Парранский мучительно сморщился и, вяло отмахнувшись, налил себе полстакана холодного крепкого чая; он выпил его маленькими жадными глотками.
Дядько на полке сипло постанывал, лежа на левом боку, и бормотал густым булькающим голосом: «Ты его под дыхало... под дыхало». В кошмарном сне дядько продолжал битву с подкулачниками, а может быть, и еще с кем-то из сонма врагов, накинувшихся на вздыбленную матушку Русь.
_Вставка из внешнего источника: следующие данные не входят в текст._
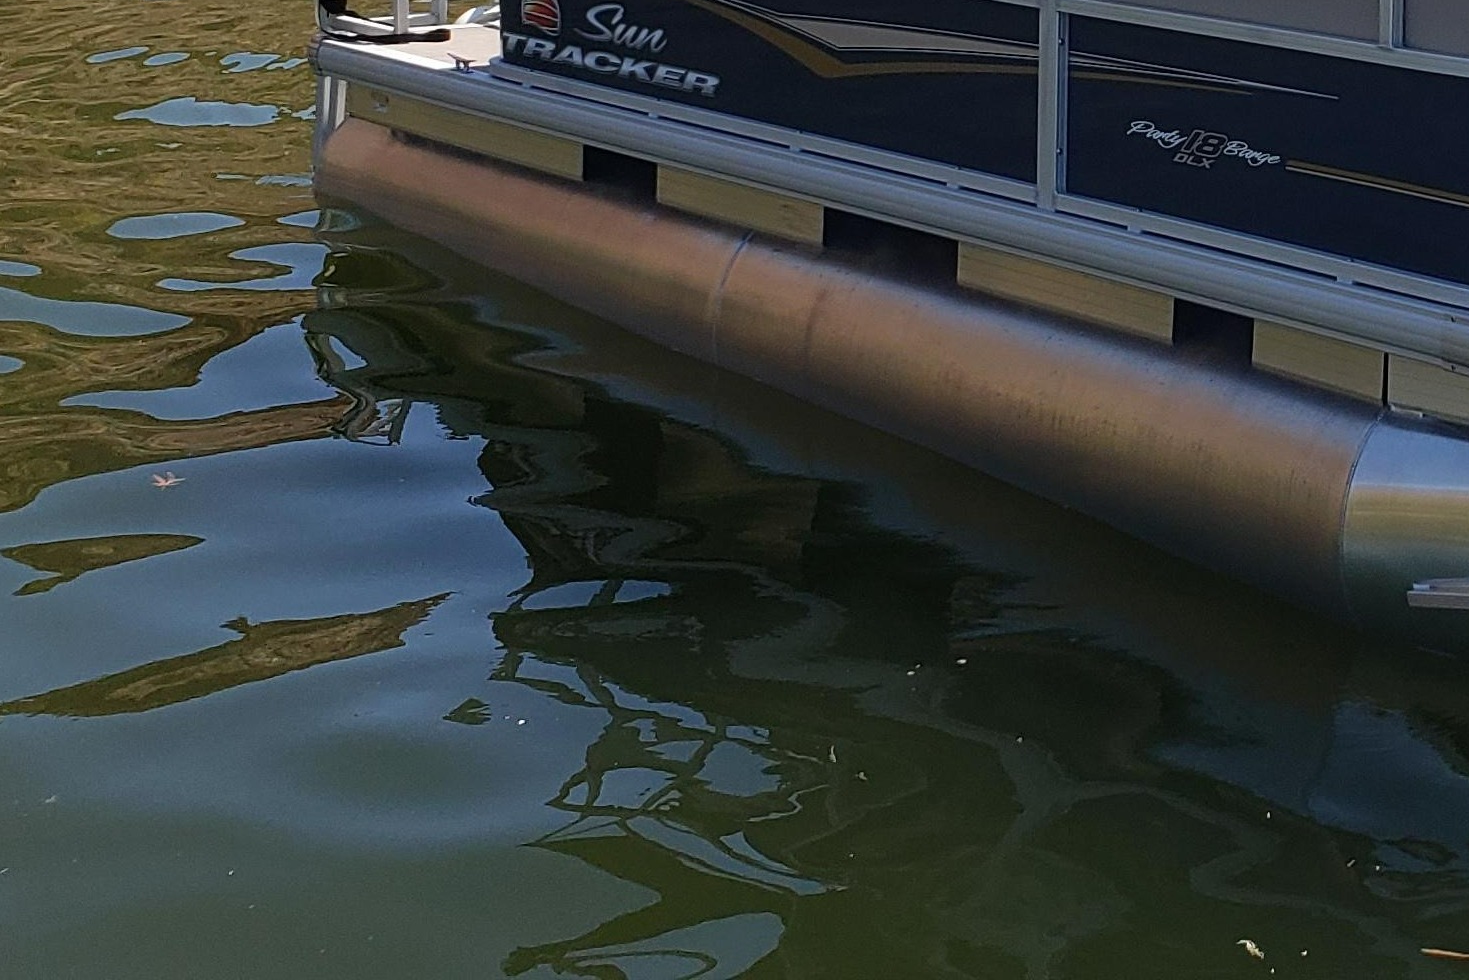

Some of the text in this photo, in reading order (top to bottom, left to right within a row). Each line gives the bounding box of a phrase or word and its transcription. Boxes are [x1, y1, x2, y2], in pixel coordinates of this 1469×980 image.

[573, 3, 668, 54] Sun
[502, 31, 721, 97] TRACKER
[1126, 120, 1282, 167] Party 18 Barge
[1173, 152, 1218, 169] DLX
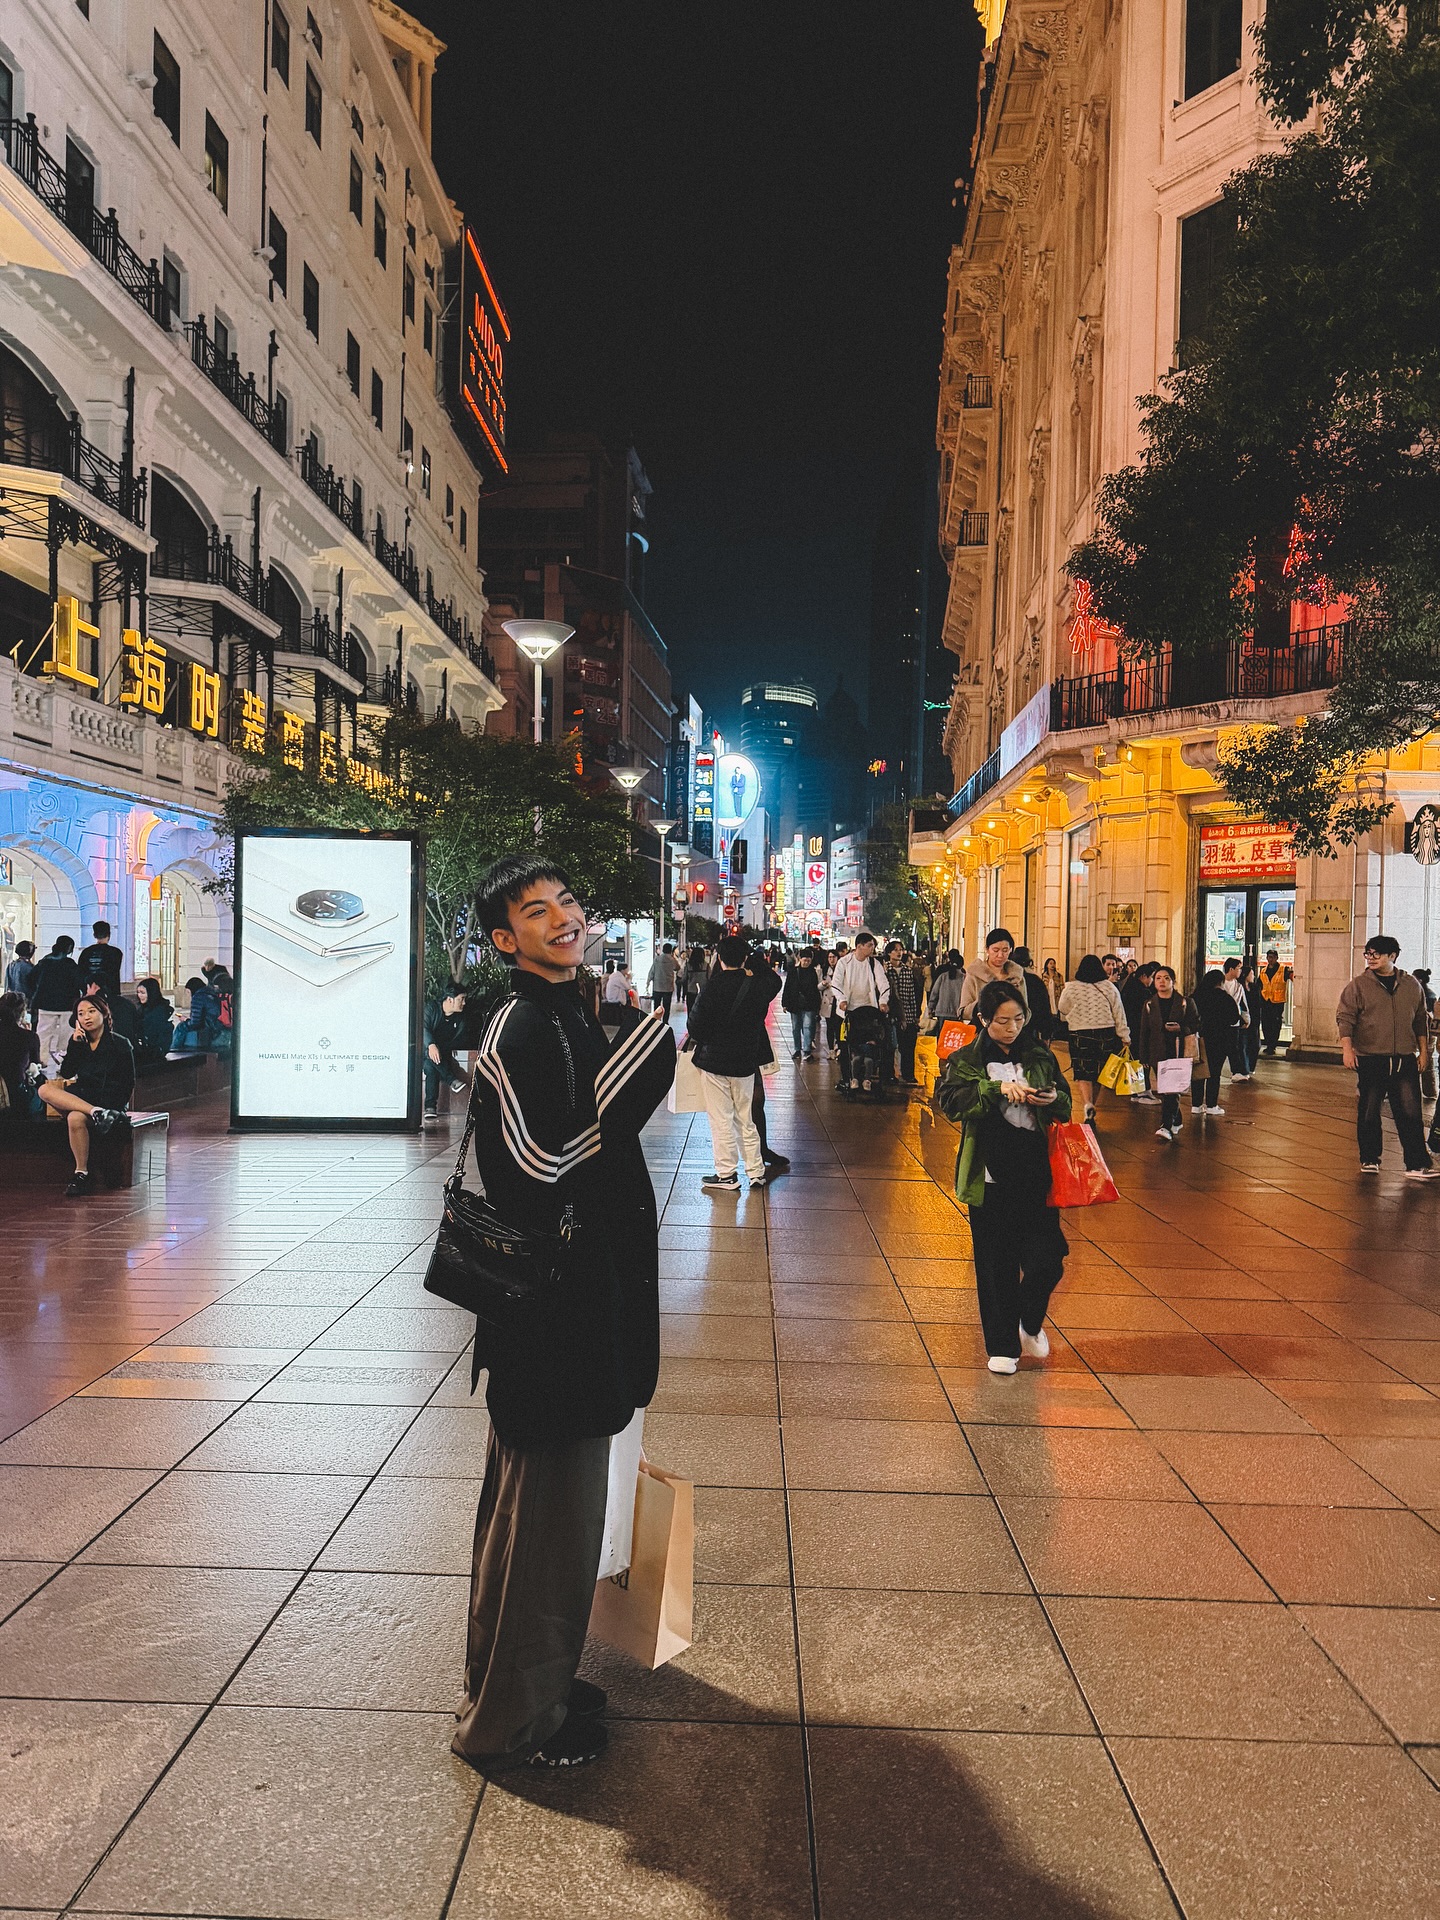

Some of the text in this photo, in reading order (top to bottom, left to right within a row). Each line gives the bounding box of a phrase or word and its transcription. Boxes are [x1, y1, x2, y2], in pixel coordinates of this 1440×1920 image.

[475, 293, 502, 379] MIDO
[294, 1063, 355, 1072] 非凡大师
— Легче всего «под дыхало». — Парранский провел ладонью по вспотевшему лбу. — Что это они так нажаривают? Натаскали дармового антрацита в Донбассе и жгут... Вот вы о партии. И она борется с искривлениями своей линии. Хотя, как инженер, привыкший к точности, могу сказать: если линия искривлена, то это уже не линия. Для геометрических кривых существуют другие названия... Да, вы не ответили мне на вопрос.
— Это насчет образования?
Бурлаков сидел, прислонившись спиной к жесткой стенке, чувствуя ритм движения поезда. Лицо его теперь было скрыто в тени, падающей от верхней полки. Мятущаяся речь случайного попутчика вызывала любопытство, даже острое. Но в то же время ему было жалко его. Бурлаков сказал, что ему не удалось закончить среднюю школу, пришлось работать в небольшой мастерской тракторной станции. Потом призыв, армия.
Думает ли он остаться в деревне?
Сразу на такой вопрос не ответишь. Надо вернуться домой, осмотреться, обдумать. Артель у них маленькая, две деревеньки, почвы малоплодородные, кругом косогоры. Полезной земли в артели немного, гектаров шестьдесят. Трактор гоняют издалека, топливо обходится дороже. Пашет не пашет, крутится, как индюк на золе.
Колхозники тянутся в город: молодежь — на заводы, старики — на базары. Под Москвой каждая травка стоит деньги.
— Вот видите... Факты, как говорится, упрямая вещь, — сказал Парранский. — Ленин, чтобы разобраться в сущности капиталистического земледелия, сколько потрудился, сколько керосина в лампе сжег. А теперь я что-то не вижу теоретиков, способных разобраться в вопросах социализма в земледелии.